Design Your Own Printed Circuit Board
PCB Video TutorialBy Ryan Winters
Solderless breadboards are great for building and testing a circuit because they are reusable and don't require soldering. Designers will be able to easily create temporary prototypes and experiment with circuit design. Moving forward in the next phase of design, designers use prototyping boards where connections are soldered into place, creating a solid and more permanent connection.

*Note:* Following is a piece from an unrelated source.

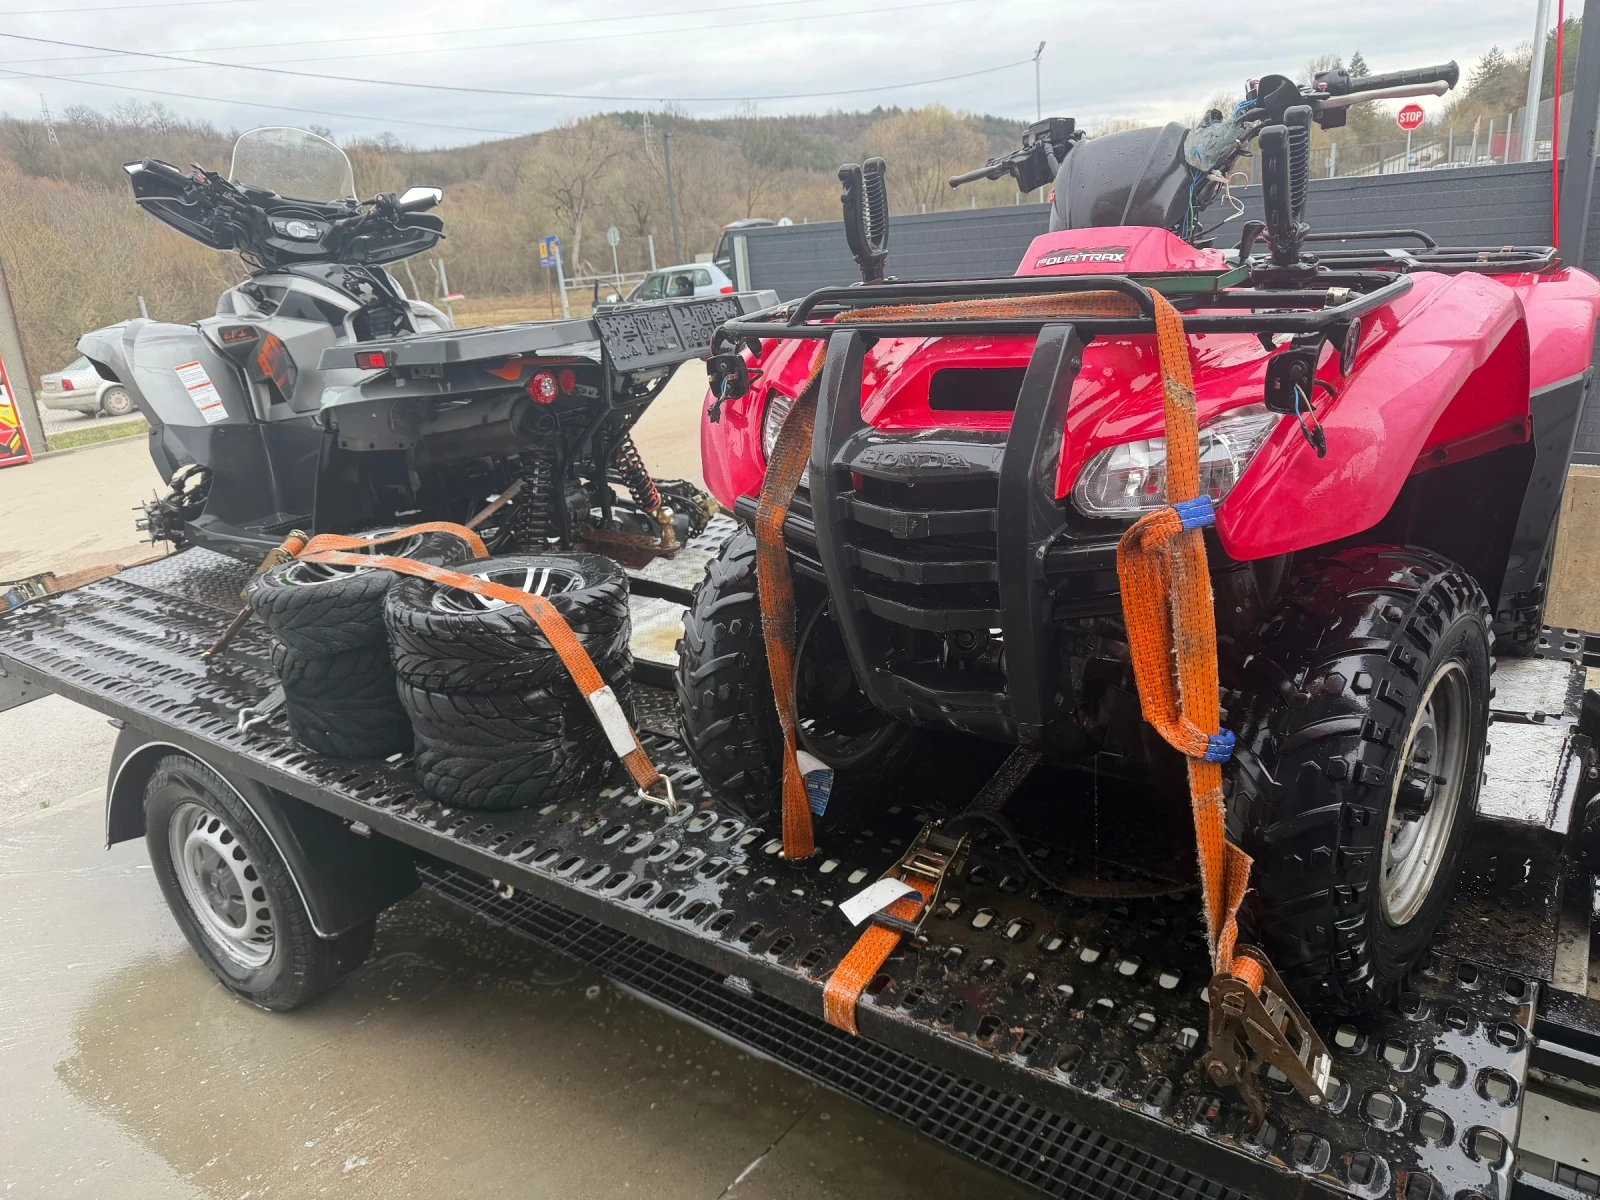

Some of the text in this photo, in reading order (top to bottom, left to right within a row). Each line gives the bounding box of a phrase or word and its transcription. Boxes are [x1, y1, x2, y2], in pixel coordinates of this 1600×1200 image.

[1400, 111, 1422, 122] STOP
[1036, 253, 1125, 267] FOURTRAX
[860, 449, 970, 468] HONDA

However, if you want a real proof of concept or finish-quality look, you'll want to design your own printed circuit board (PCB). Designing your own PCB is easier and less expensive than you might think. Some major benefits to using PCBs are that they can be more easily mass produced and you get consistency. Not only that, but the component and circuit density can be increased greatly. And, personally, I like to be able add my own logo to my designs.

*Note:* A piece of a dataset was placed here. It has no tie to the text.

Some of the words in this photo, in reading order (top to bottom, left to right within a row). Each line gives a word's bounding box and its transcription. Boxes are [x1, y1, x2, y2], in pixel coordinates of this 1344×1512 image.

There are other benefits as well. You can run signal traces much closer together and all around the board, which would be very difficult on a prototyping board. The signal traces are going to be more reliable and you can add useful features, like copper-pour for creating a ground plane or reducing interference around components. A finished PCB also gives your project some credibility – it's much nicer to present a finished and tidy circuit board rather than a rat's nest of jumper wires.
There are many software programs for creating schematics and PCBs, but the one I'm going to demonstrate in this video tutorial is called PCB Creator. It is provided free of charge from our local PCB manufacturing partner, Bay Area Circuits.
To get started, I created the schematic and converted it to a PCB layout. The software's built-in error checker will compare the two and should point out where I might have missed a connection, which, by avoiding mistakes, can save time and money. Another nice feature is a 3D preview of the PCB. Some software even includes 3D components, so you may be able to completely visualize your PCB on your computer screen.
At the end of the design phase, the software allows you to export the files in the Gerber format, which is what the PCB fabrication house is going to need to build the PCB. Bay Area Circuits also offers a tool they call InstantDFM (design for manufacturability), which checks your design against the rules and tolerances they have established for their machinery. It can tell you if signal lines are too close or if you forgot to include the drill file. All of these tools can help you to make a good PCB the first time around.
Ryan Winters is a Product Manager at Jameco Electronics and a Bay Area, California native. He is mostly self-taught and his hobbies include working on cars and computers, fiddling with electronic gadgets and experimenting with robotics.